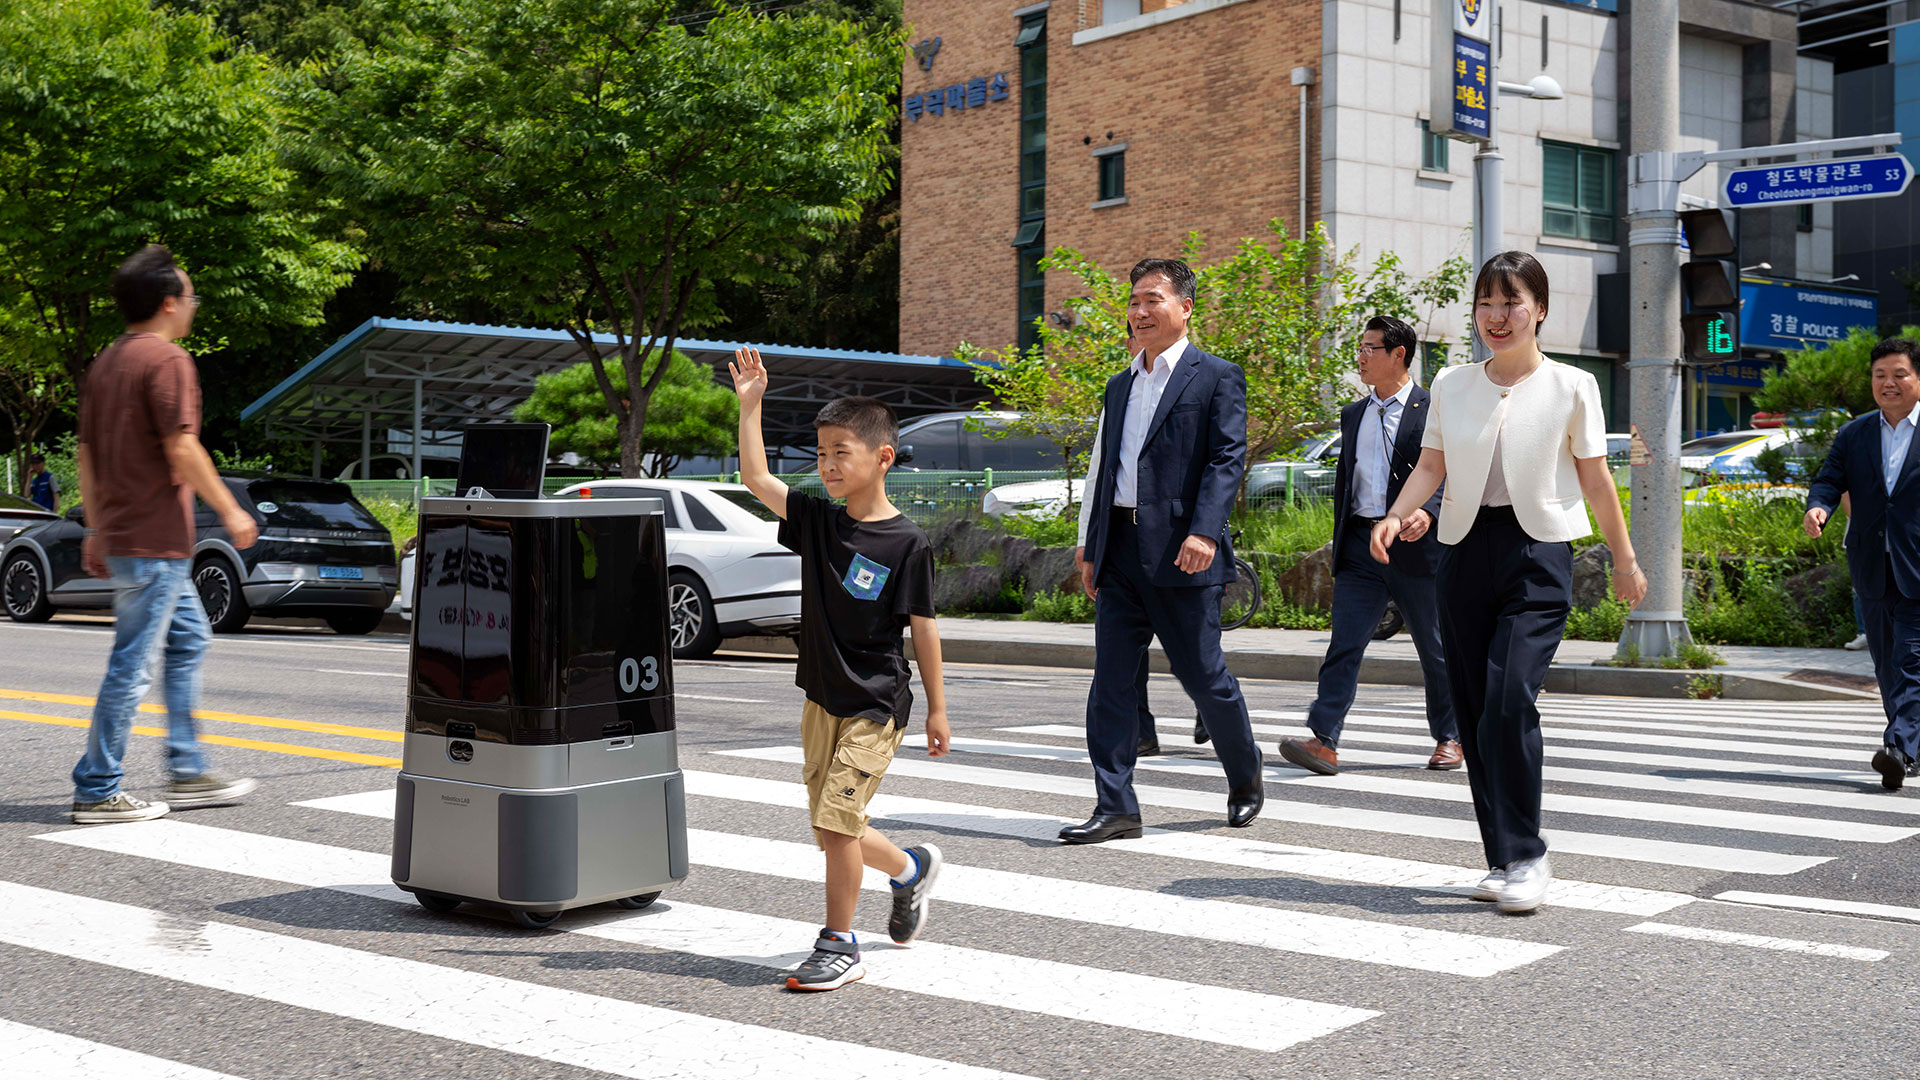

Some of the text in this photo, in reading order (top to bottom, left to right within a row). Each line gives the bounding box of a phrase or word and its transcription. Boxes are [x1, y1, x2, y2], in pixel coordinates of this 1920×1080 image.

[905, 74, 1009, 122] 부곡파출소
[1456, 85, 1487, 110] 파출소
[1766, 163, 1863, 187] 철도박물관로
[1884, 168, 1900, 181] 53
[1732, 182, 1748, 193] 49
[1758, 183, 1874, 201] Cheoldobangmulgwan-ro
[1770, 313, 1798, 334] 경찰
[1802, 323, 1839, 338] POLICE
[1707, 318, 1734, 354] 16
[619, 656, 659, 693] 03
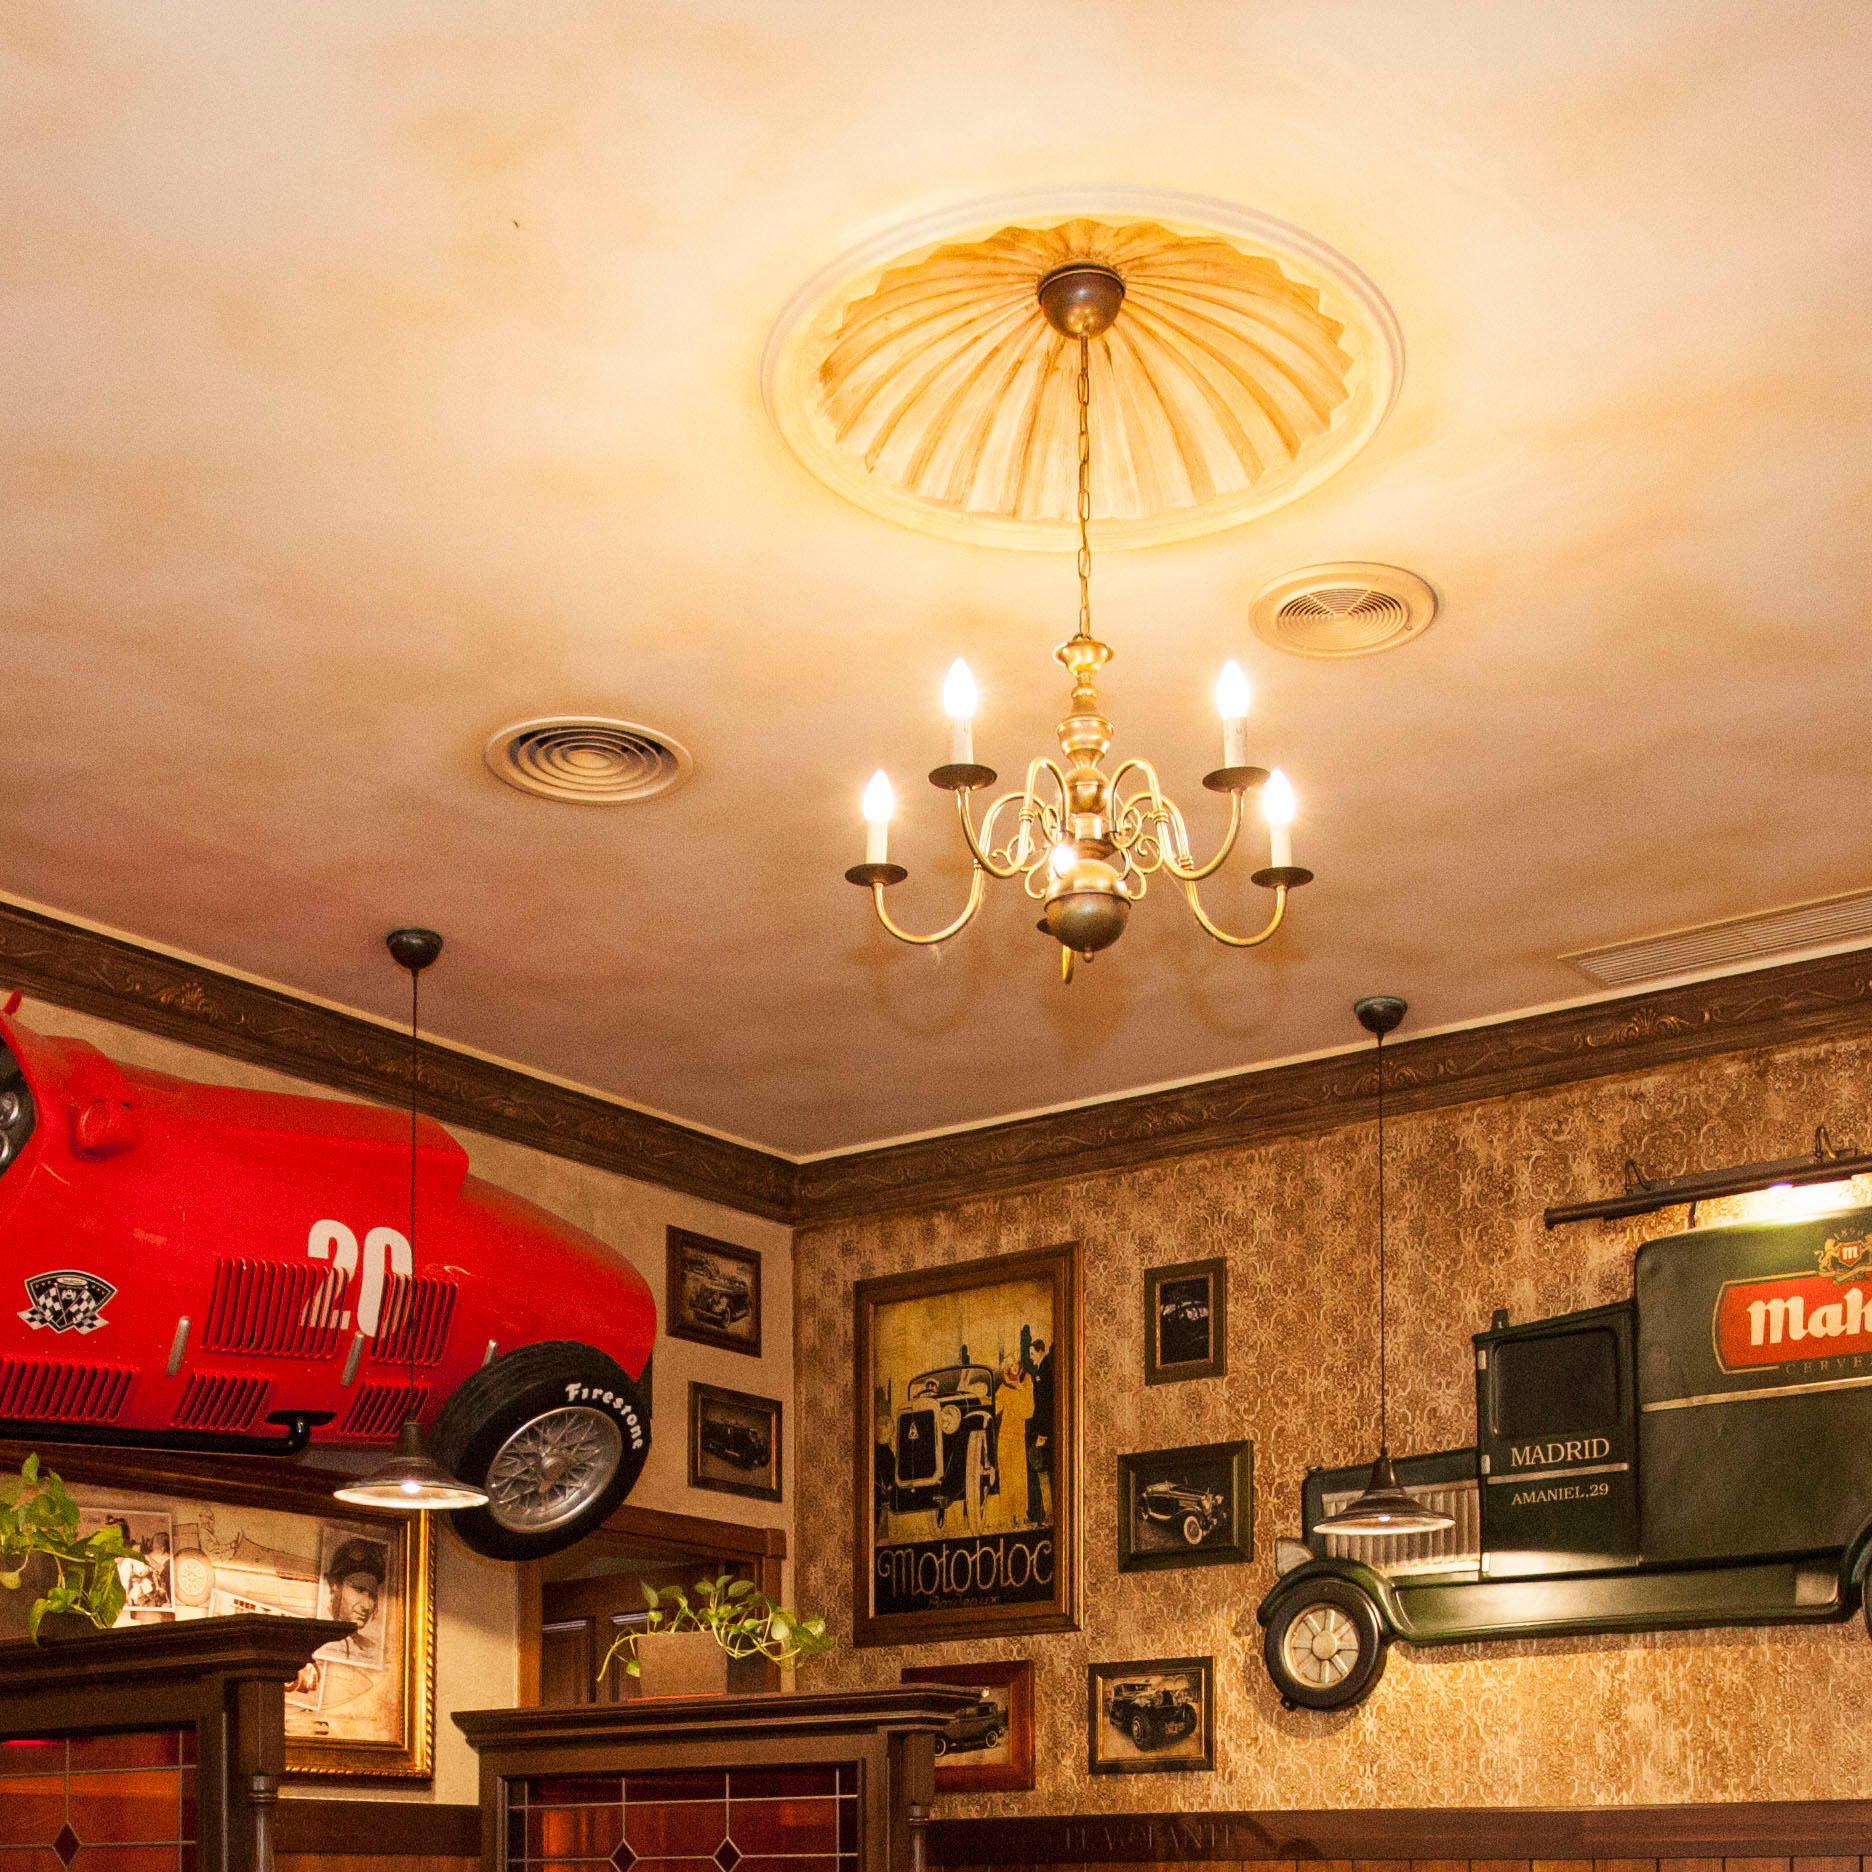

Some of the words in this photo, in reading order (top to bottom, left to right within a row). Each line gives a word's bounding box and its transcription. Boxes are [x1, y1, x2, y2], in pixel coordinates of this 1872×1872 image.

[300, 1219, 415, 1339] 20
[565, 1382, 644, 1450] Firestone
[1510, 1437, 1611, 1468] MADRID

• WORK REQUEST: Set down the data exactly as it appears, without any images.

• WRITTEN SOLUTION:
Some of the text in this photo, in reading order (top to bottom, left to right within a row). Each line gives the bounding box of a phrase or word and its transcription. Boxes are [x1, y1, x2, y2], in pixel coordinates of this 1920×1080 image.

[905, 74, 1009, 122] 부곡파출소
[1456, 85, 1487, 110] 파출소
[1766, 163, 1863, 187] 철도박물관로
[1884, 168, 1900, 181] 53
[1732, 182, 1748, 193] 49
[1758, 183, 1874, 201] Cheoldobangmulgwan-ro
[1770, 313, 1798, 334] 경찰
[1802, 323, 1839, 338] POLICE
[1707, 318, 1734, 354] 16
[619, 656, 659, 693] 03

Some of the words in this photo, in reading order (top to bottom, left to right within a row). Each line gives a word's bounding box and its transcription. Boxes are [x1, y1, x2, y2], in pixel coordinates of this 1872×1872 image.

[300, 1219, 415, 1339] 20
[565, 1382, 644, 1450] Firestone
[1510, 1437, 1611, 1468] MADRID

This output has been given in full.